MoneyU takes content that is relevant to college and high-school students and presents it in a dynamic medium to help young people become financially literate. The self-paced, game-based course covers essential financial skills, such as understanding a cardholder agreement, comparing car loans, and creating a budget. With widgets and simulations, users develop skills in just six to eight hours that would take 30 hours in a traditional classroom.
The PenFed Foundation, a nationally recognized nonprofit organization working to meet the unmet needs of military personnel and their families, will offer the program to recipients of its Military Heroes Fund and Asset Recovery Kit (ARK) programs, also free-of-charge. “By offering this new program in addition to our other services we are reinforcing the message the financial literacy is a priority for long-term prosperity,” said Christopher Flynn, president and CEO of the PenFed Foundation.
A recent study released by the Financial Industry Regulatory Authority found that across all military sectors, junior enlisted service members had poor financial habits such as having difficulty covering monthly expenses and paying bills, receiving low credit scores, and lacking funds for anticipated and unanticipated financial needs.
“The financial decisions young people make will have reverberations through the rest of their life,” adds Pollack. “So, it’s especially important for them to have a solid grasp now of the fundamentals of financial literacy.”
About the Pentagon Federal Credit Union (PenFed)
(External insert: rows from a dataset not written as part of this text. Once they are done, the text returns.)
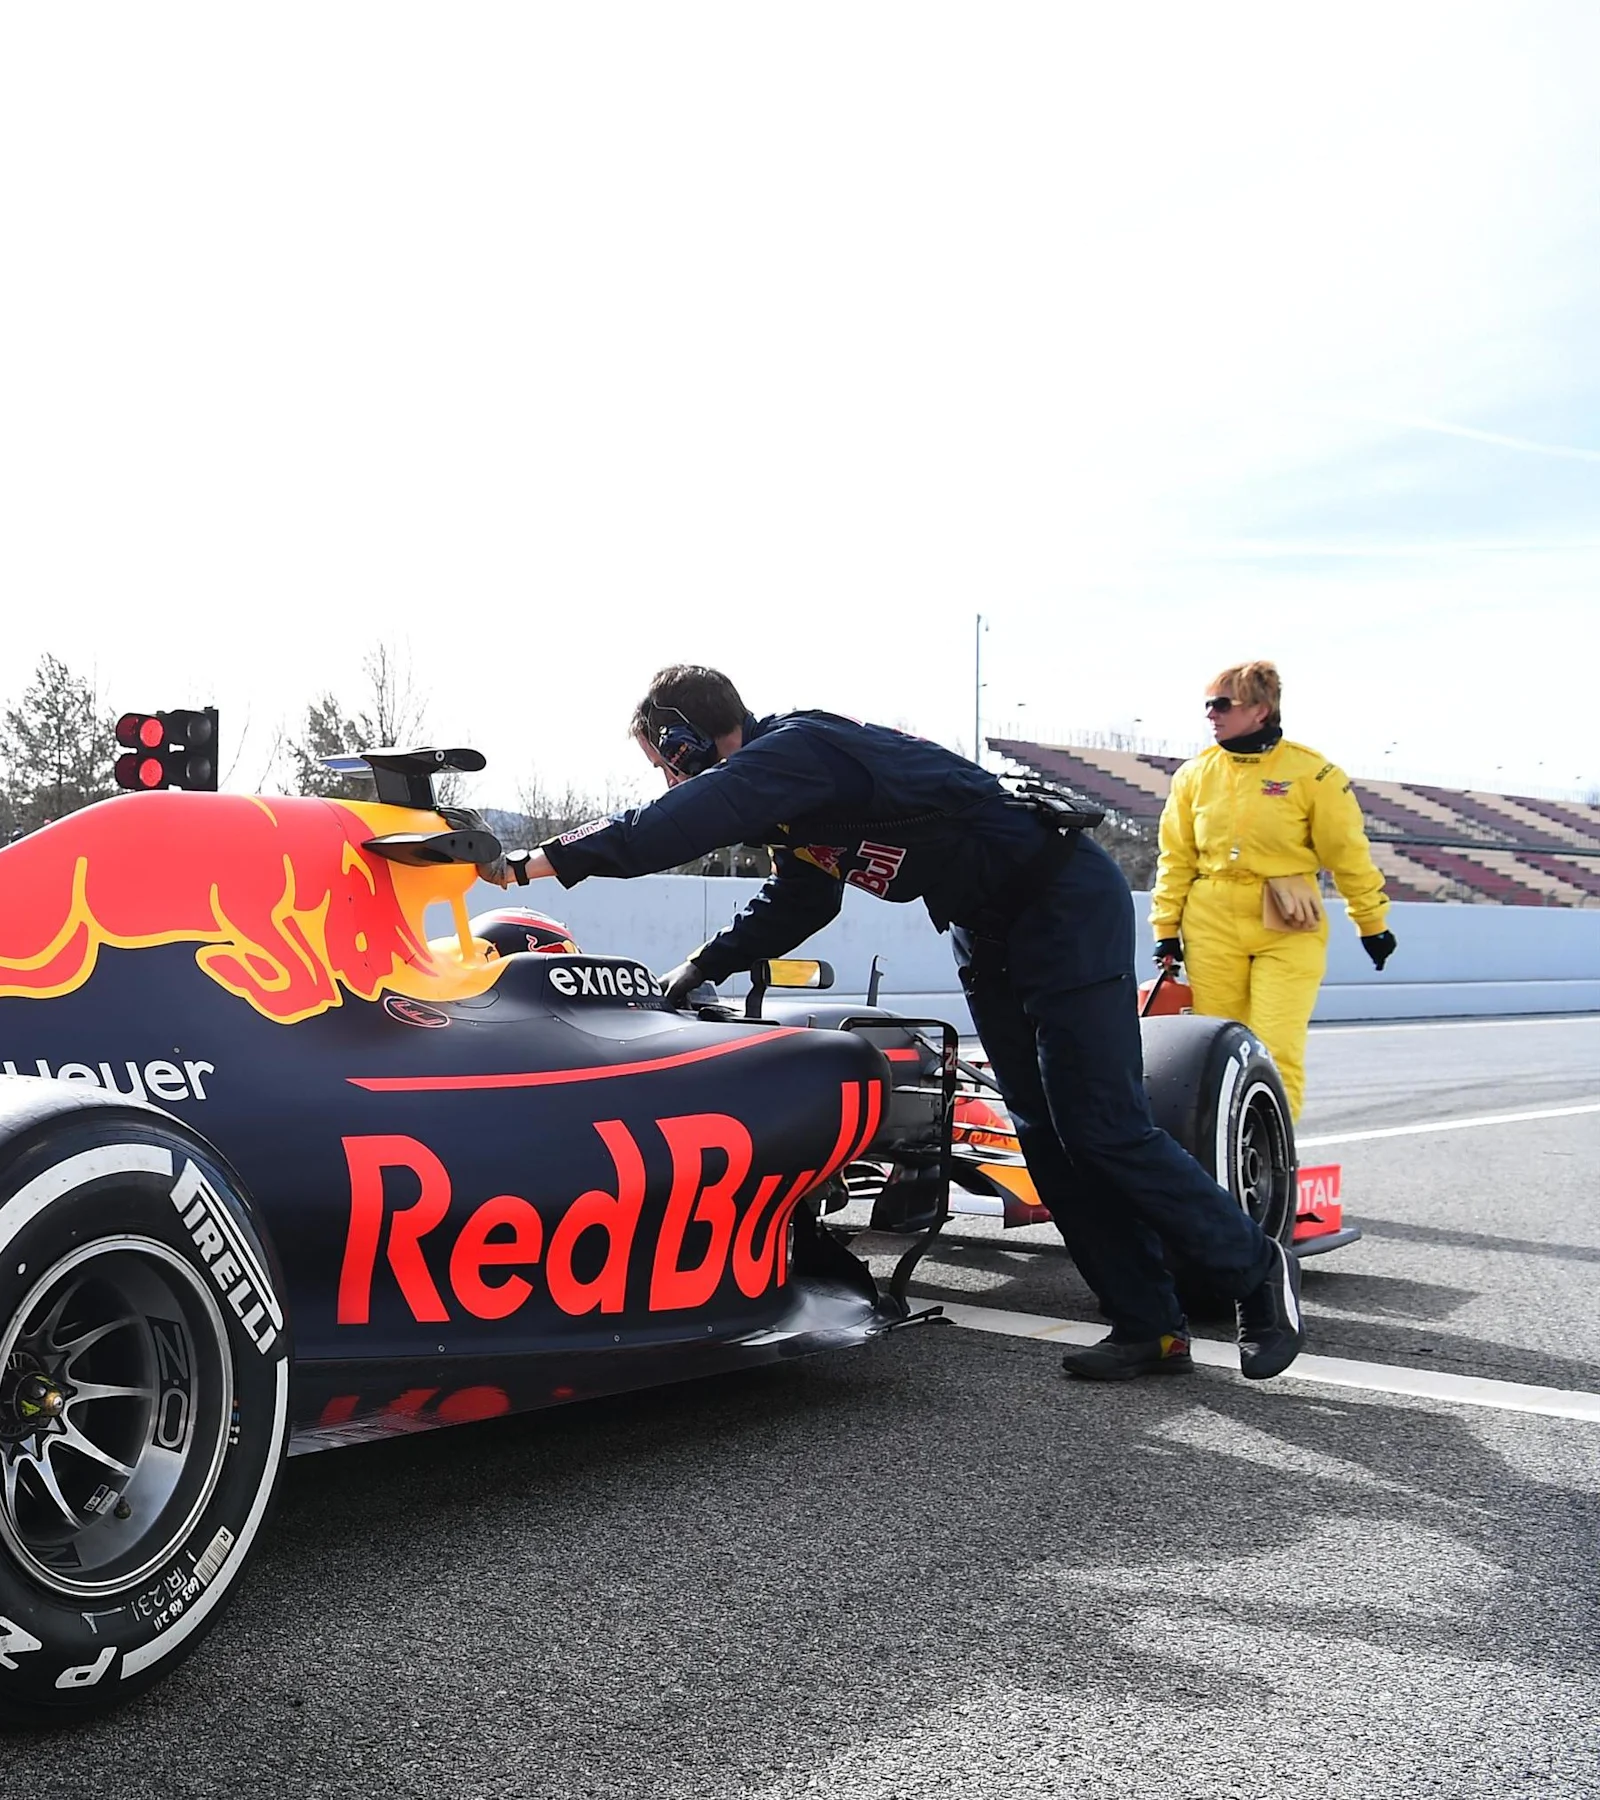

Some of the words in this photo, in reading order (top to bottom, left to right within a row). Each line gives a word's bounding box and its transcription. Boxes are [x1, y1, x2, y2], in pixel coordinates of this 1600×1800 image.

[845, 840, 908, 898] Bull
[548, 966, 663, 997] exness
[337, 1113, 647, 1325] Red
[649, 1079, 881, 1313] Bull
[169, 1157, 284, 1355] PIRELLI
[219, 1531, 229, 1542] R
[55, 1646, 118, 1689] P
PenFed is the third largest credit union in the United States with over a million members and and more than $15 billion in assets. The credit union provides worldwide service to Department of Defense, Army, Marine Corps, Navy, Air Force, Coast Guard, and Department of Homeland Security personnel; members of the VFW; employees or volunteers of the American Red Cross; employees of Tripler Army Medical Center, and others in the defense community and their families.
For more information about PenFed or learn how to become a member, visit http://www.penfed.org or call 800-247-5626.
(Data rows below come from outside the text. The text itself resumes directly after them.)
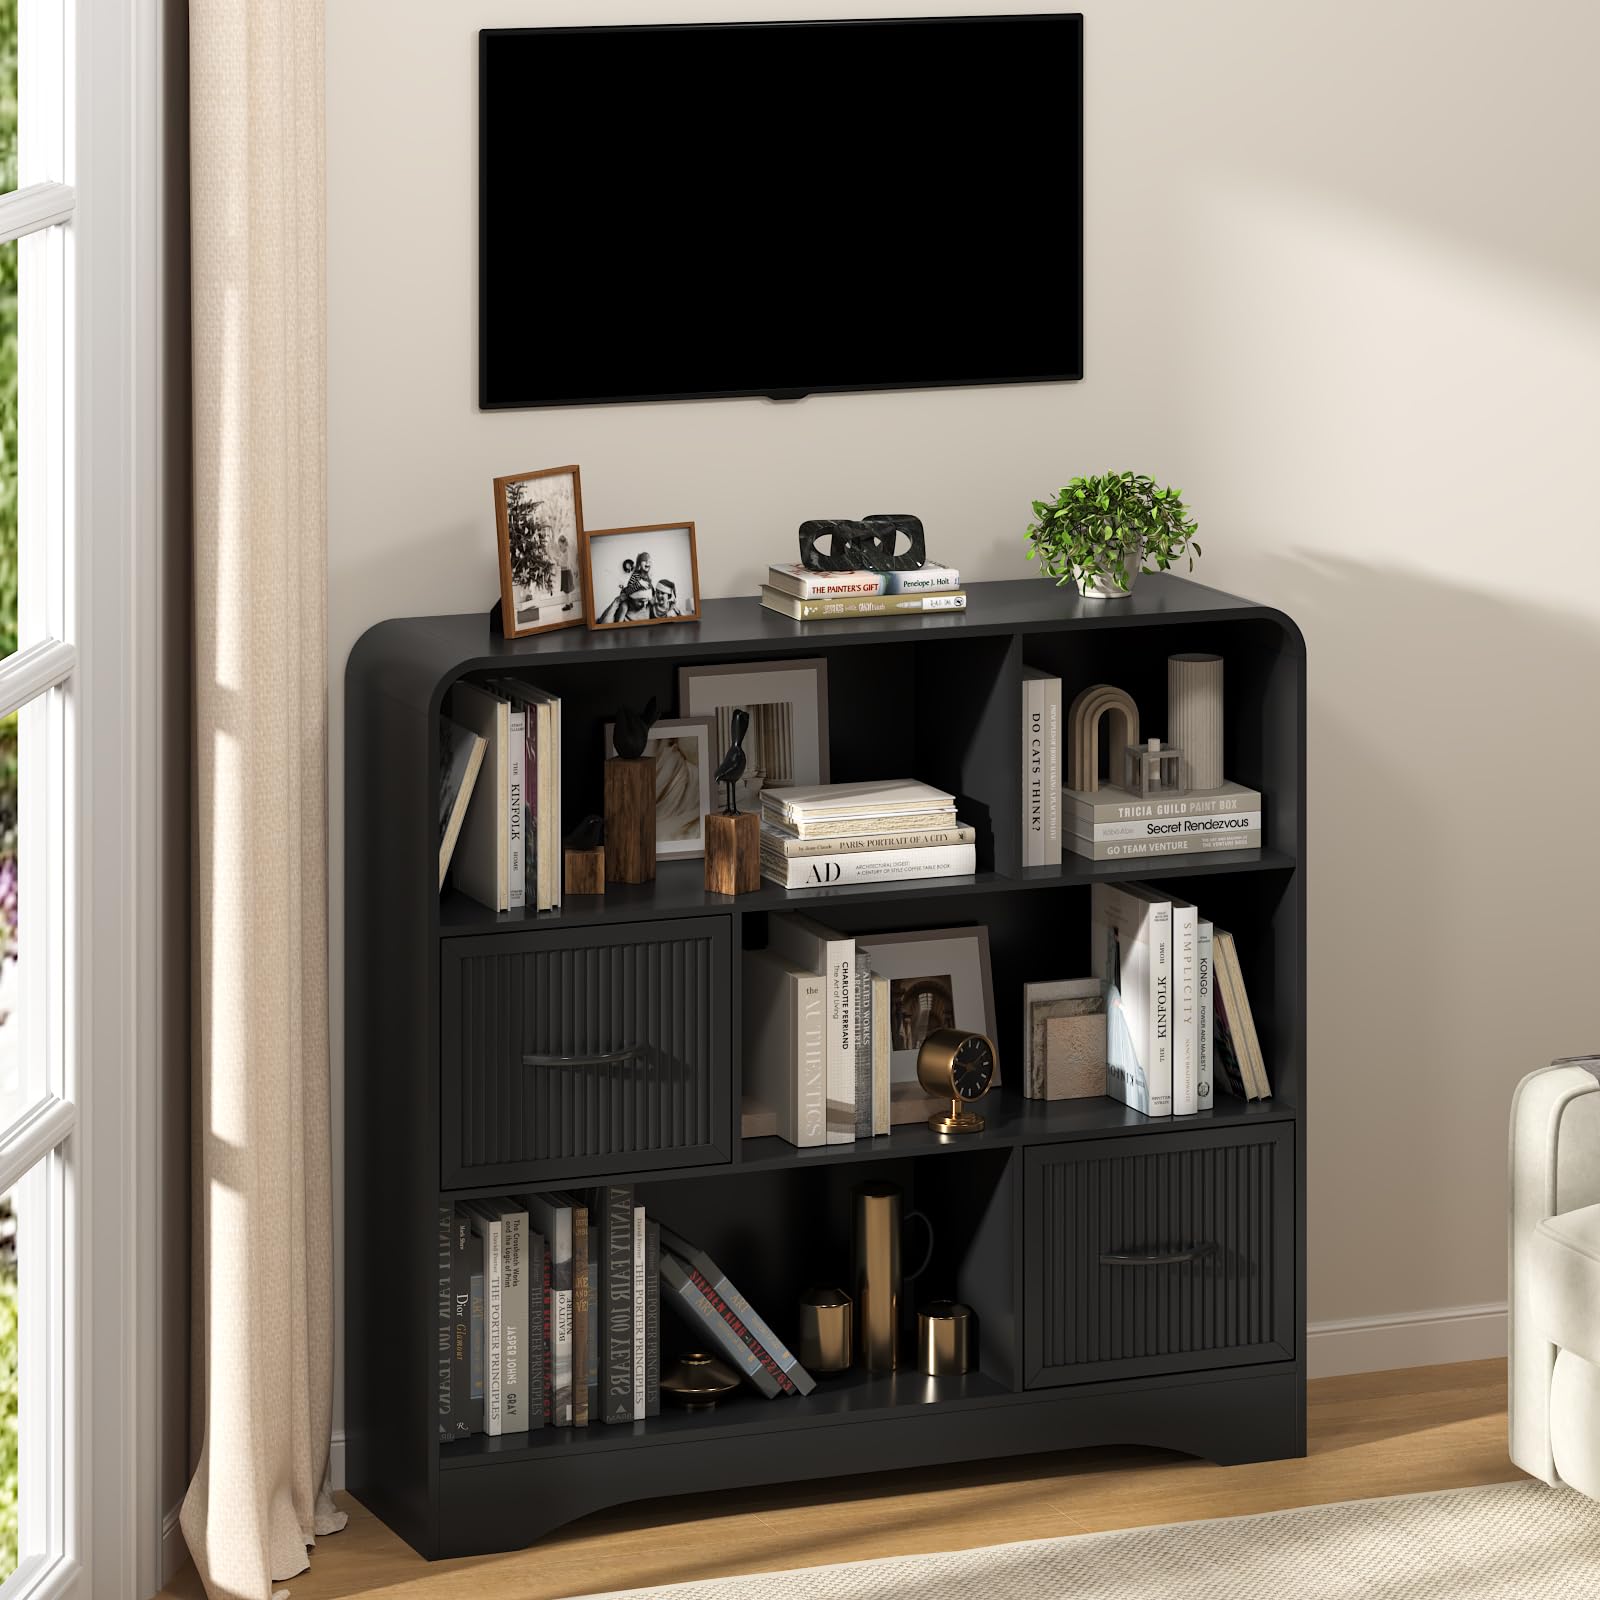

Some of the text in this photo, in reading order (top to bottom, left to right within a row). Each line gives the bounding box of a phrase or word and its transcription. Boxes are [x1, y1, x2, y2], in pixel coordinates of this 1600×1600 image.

[812, 583, 879, 594] THE PAINTER'S GIFT
[903, 578, 930, 588] Penelope
[936, 577, 950, 586] Holt
[1032, 713, 1041, 832] DO CATS THINK?
[511, 784, 520, 841] KINFOLK
[1118, 799, 1238, 818] TRICIA GUILD PAINT BOX
[1147, 818, 1249, 835] Secret Rendezvous
[867, 836, 908, 848] PORTRAIT
[909, 835, 921, 845] OF
[922, 835, 929, 844] A
[930, 833, 950, 843] CITY
[1107, 840, 1188, 855] GO TEAM VENTURE
[806, 862, 841, 884] AD
[806, 986, 819, 995] the
[1183, 922, 1192, 1024] SIMPLICITY
[1200, 958, 1208, 998] KONGO:
[832, 999, 840, 1020] Living
[1157, 976, 1167, 1040] KINFOLK
[804, 998, 822, 1136] AUTHENTICS
[504, 1247, 512, 1263] Logic
[492, 1276, 500, 1301] THE
[504, 1273, 512, 1288] Print
[512, 1269, 520, 1287] Works
[635, 1264, 644, 1286] THE
[456, 1293, 468, 1360] Dior Glamour
[492, 1304, 500, 1350] PORTER
[558, 1292, 566, 1342] BEAUTY OF
[635, 1290, 644, 1334] PORTER
[648, 1299, 657, 1338] PORTER
[492, 1353, 500, 1420] PRINCIPLES
[506, 1326, 517, 1416] JASPER JOHNS GRAY
[635, 1338, 644, 1405] PRINCIPLES
[648, 1342, 657, 1404] PRINCIPLES
MoneyU was developed by social venture Griffin Enterprises. The online game-based course in Personal Finance was designed especially for young adults 17 to 25 because that's when they begin to make financial decisions, which are too often significant mistakes with lasting consequences. 10,000 learners have graduated MoneyU, in colleges, high schools, homes and the workplace in 35 states. Just months after its debut, MoneyU won critical acclaim from Tech&Learning as one of the "Best Education Offerings" of the year. MoneyU's results have been independently evaluated by Assessment expert Dr. Jack Naglieri, finding that MoneyU is significantly effective.